- Activity -
Exact duplicates of all the records are needed.

- Data for this task -
=-=-=

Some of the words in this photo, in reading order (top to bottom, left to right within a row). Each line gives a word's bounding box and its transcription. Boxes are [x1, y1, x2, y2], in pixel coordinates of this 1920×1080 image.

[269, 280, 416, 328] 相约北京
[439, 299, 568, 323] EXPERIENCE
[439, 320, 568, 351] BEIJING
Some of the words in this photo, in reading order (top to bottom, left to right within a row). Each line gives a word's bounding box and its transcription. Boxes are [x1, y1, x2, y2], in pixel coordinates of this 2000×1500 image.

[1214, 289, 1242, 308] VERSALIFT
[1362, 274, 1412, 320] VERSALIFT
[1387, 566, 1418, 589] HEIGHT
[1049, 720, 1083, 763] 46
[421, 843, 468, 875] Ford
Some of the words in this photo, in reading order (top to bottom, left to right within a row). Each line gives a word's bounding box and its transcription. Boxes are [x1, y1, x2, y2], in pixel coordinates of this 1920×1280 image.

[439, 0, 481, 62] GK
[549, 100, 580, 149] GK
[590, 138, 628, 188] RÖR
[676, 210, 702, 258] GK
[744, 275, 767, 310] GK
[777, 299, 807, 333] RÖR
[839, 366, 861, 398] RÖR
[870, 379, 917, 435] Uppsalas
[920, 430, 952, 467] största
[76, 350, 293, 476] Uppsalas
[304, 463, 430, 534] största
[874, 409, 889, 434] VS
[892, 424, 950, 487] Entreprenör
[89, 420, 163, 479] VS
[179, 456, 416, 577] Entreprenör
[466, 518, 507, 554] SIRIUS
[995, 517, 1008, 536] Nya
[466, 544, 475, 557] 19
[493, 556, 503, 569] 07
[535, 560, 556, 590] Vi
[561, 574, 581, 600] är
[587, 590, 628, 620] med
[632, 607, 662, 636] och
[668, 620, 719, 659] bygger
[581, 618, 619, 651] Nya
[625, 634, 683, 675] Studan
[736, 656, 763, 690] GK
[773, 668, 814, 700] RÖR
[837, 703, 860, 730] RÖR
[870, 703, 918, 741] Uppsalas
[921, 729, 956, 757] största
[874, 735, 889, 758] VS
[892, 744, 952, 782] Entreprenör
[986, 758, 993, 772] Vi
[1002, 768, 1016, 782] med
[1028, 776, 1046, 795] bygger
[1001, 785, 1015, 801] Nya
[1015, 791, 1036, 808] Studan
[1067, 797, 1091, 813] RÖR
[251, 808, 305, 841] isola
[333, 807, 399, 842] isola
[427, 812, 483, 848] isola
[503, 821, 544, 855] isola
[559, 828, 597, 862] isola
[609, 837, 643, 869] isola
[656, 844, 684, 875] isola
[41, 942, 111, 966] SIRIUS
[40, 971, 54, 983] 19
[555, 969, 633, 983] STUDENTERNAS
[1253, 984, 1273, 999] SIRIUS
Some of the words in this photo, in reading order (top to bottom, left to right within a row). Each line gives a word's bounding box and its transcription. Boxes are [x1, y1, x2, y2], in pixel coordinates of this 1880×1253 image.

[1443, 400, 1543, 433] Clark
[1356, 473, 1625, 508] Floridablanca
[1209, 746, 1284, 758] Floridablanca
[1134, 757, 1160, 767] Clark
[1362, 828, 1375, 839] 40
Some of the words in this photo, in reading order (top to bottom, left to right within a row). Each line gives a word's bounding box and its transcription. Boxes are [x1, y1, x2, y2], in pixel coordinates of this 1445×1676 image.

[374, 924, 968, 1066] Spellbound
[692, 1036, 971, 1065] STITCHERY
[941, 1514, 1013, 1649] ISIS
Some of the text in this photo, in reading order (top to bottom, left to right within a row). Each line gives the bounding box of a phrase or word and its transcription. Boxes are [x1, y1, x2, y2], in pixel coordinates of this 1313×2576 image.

=-=-=

- Exercise output -
Some of the words in this photo, in reading order (top to bottom, left to right within a row). Each line gives a word's bounding box and its transcription. Boxes are [x1, y1, x2, y2], in pixel coordinates of this 1920×1080 image.

[269, 280, 416, 328] 相约北京
[439, 299, 568, 323] EXPERIENCE
[439, 320, 568, 351] BEIJING
Some of the words in this photo, in reading order (top to bottom, left to right within a row). Each line gives a word's bounding box and its transcription. Boxes are [x1, y1, x2, y2], in pixel coordinates of this 2000×1500 image.

[1214, 289, 1242, 308] VERSALIFT
[1362, 274, 1412, 320] VERSALIFT
[1387, 566, 1418, 589] HEIGHT
[1049, 720, 1083, 763] 46
[421, 843, 468, 875] Ford
Some of the words in this photo, in reading order (top to bottom, left to right within a row). Each line gives a word's bounding box and its transcription. Boxes are [x1, y1, x2, y2], in pixel coordinates of this 1920×1280 image.

[439, 0, 481, 62] GK
[549, 100, 580, 149] GK
[590, 138, 628, 188] RÖR
[676, 210, 702, 258] GK
[744, 275, 767, 310] GK
[777, 299, 807, 333] RÖR
[839, 366, 861, 398] RÖR
[870, 379, 917, 435] Uppsalas
[920, 430, 952, 467] största
[76, 350, 293, 476] Uppsalas
[304, 463, 430, 534] största
[874, 409, 889, 434] VS
[892, 424, 950, 487] Entreprenör
[89, 420, 163, 479] VS
[179, 456, 416, 577] Entreprenör
[466, 518, 507, 554] SIRIUS
[995, 517, 1008, 536] Nya
[466, 544, 475, 557] 19
[493, 556, 503, 569] 07
[535, 560, 556, 590] Vi
[561, 574, 581, 600] är
[587, 590, 628, 620] med
[632, 607, 662, 636] och
[668, 620, 719, 659] bygger
[581, 618, 619, 651] Nya
[625, 634, 683, 675] Studan
[736, 656, 763, 690] GK
[773, 668, 814, 700] RÖR
[837, 703, 860, 730] RÖR
[870, 703, 918, 741] Uppsalas
[921, 729, 956, 757] största
[874, 735, 889, 758] VS
[892, 744, 952, 782] Entreprenör
[986, 758, 993, 772] Vi
[1002, 768, 1016, 782] med
[1028, 776, 1046, 795] bygger
[1001, 785, 1015, 801] Nya
[1015, 791, 1036, 808] Studan
[1067, 797, 1091, 813] RÖR
[251, 808, 305, 841] isola
[333, 807, 399, 842] isola
[427, 812, 483, 848] isola
[503, 821, 544, 855] isola
[559, 828, 597, 862] isola
[609, 837, 643, 869] isola
[656, 844, 684, 875] isola
[41, 942, 111, 966] SIRIUS
[40, 971, 54, 983] 19
[555, 969, 633, 983] STUDENTERNAS
[1253, 984, 1273, 999] SIRIUS
Some of the words in this photo, in reading order (top to bottom, left to right within a row). Each line gives a word's bounding box and its transcription. Boxes are [x1, y1, x2, y2], in pixel coordinates of this 1880×1253 image.

[1443, 400, 1543, 433] Clark
[1356, 473, 1625, 508] Floridablanca
[1209, 746, 1284, 758] Floridablanca
[1134, 757, 1160, 767] Clark
[1362, 828, 1375, 839] 40
Some of the words in this photo, in reading order (top to bottom, left to right within a row). Each line gives a word's bounding box and its transcription. Boxes are [x1, y1, x2, y2], in pixel coordinates of this 1445×1676 image.

[374, 924, 968, 1066] Spellbound
[692, 1036, 971, 1065] STITCHERY
[941, 1514, 1013, 1649] ISIS
Some of the text in this photo, in reading order (top to bottom, left to right within a row). Each line gives the bounding box of a phrase or word and its transcription. Boxes are [x1, y1, x2, y2], in pixel coordinates of this 1313×2576 image.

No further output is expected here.